As a bit of background, she doesn’t self-identify as MAGA and she dislikes Trump as a person, but will hold her nose to vote for him anyway. She’s a kind-hearted person who’s always willing to help out when asked. I’ve never heard her say a bad word about anyone due to the color of their skin or attempt to demonize a people group en masse. She is quite close with her trans cousin who transitioned decades ago, and has been mostly supportive of my trans daughter when she came out, too. In short, she’s not on the front lines pushing for the punishment of “the other”...but neither will she draw a line in the sand against those in her party who do.
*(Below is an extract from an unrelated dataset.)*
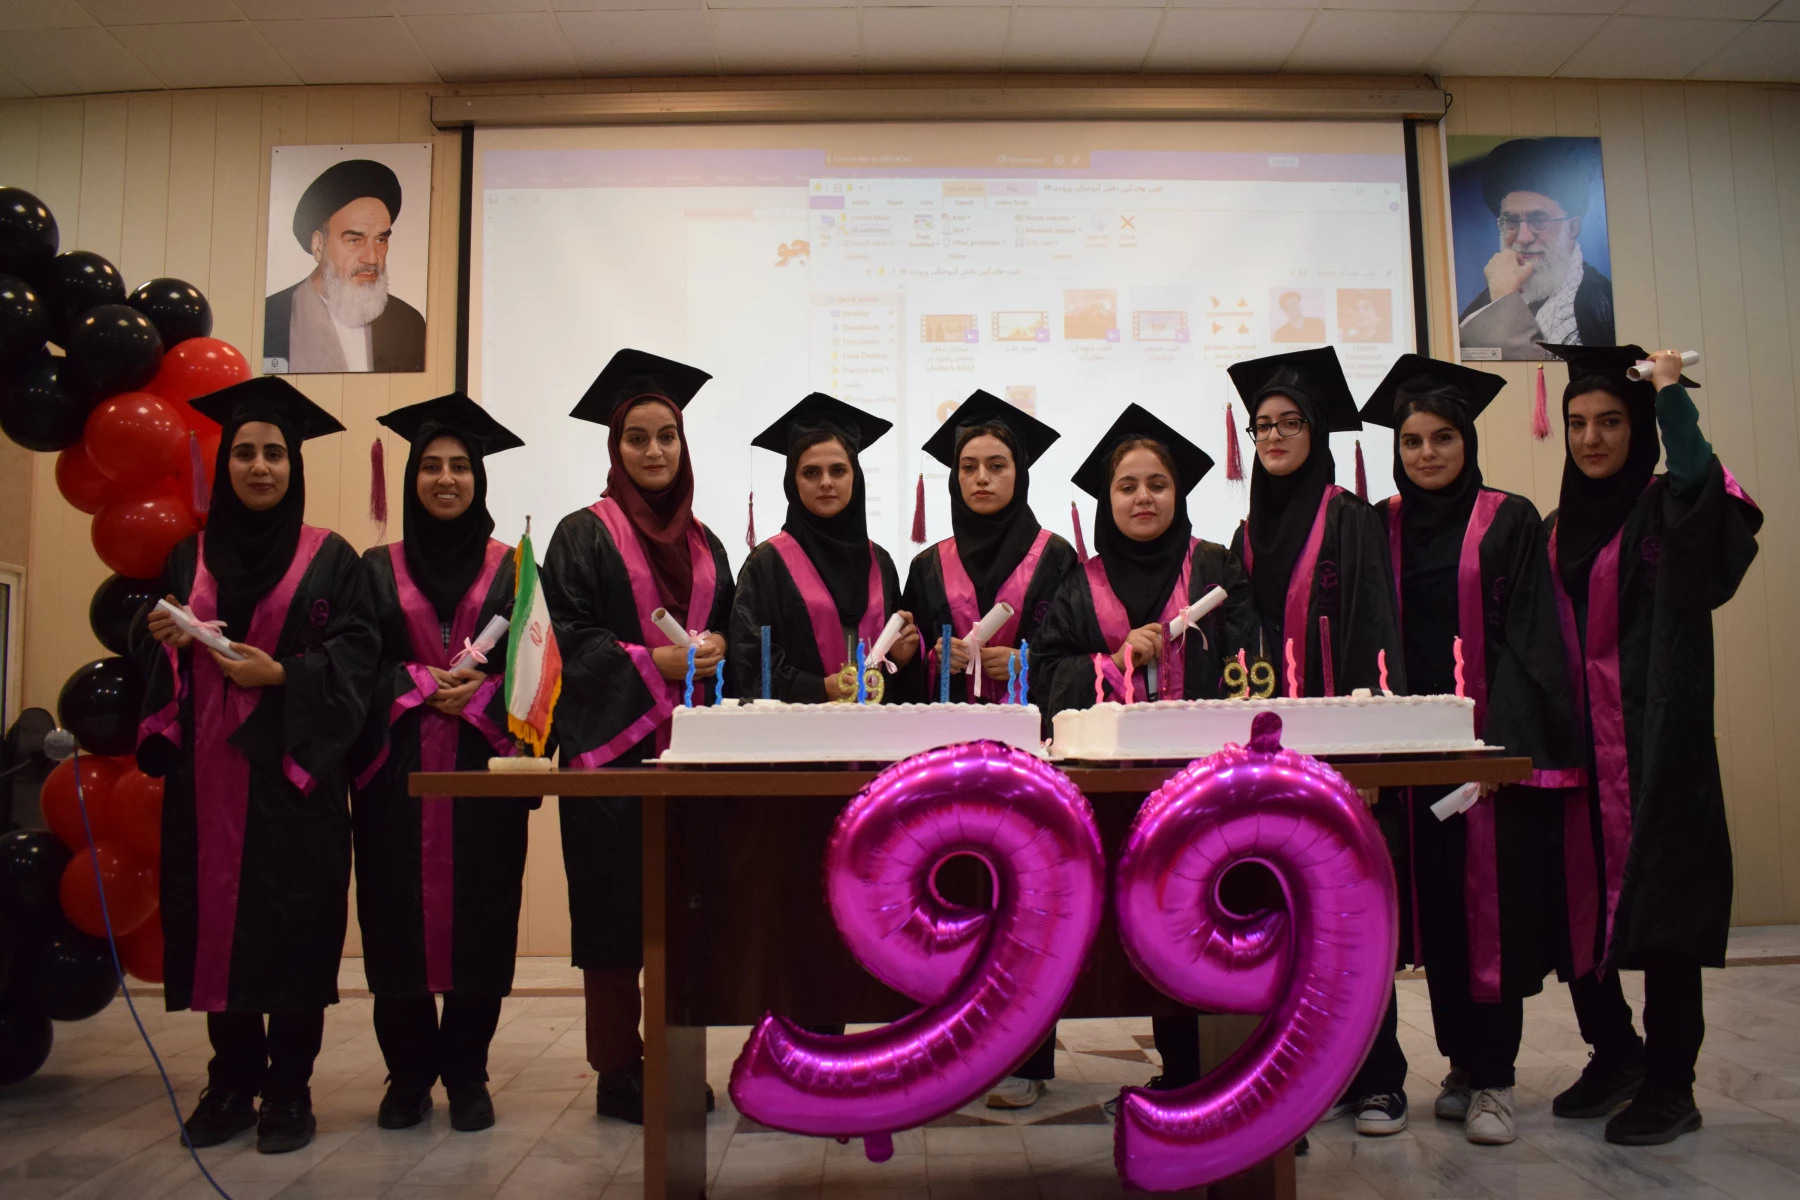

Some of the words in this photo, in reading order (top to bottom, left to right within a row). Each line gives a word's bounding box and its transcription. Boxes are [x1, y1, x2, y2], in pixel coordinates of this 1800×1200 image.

This comes down to her view of the world that says, in effect, that morality is only about making a Godly choice when specifically confronted with a test of character in her own life. She does not believe that she can or should try to change the world or to fix broken systems—anything larger than what she can personally control is God’s domain. She wouldn’t use this analogy, but she acts more or less a first-person video-game character for whom all of life is a series of tests created by the Game Designer for her to personally pass or fail.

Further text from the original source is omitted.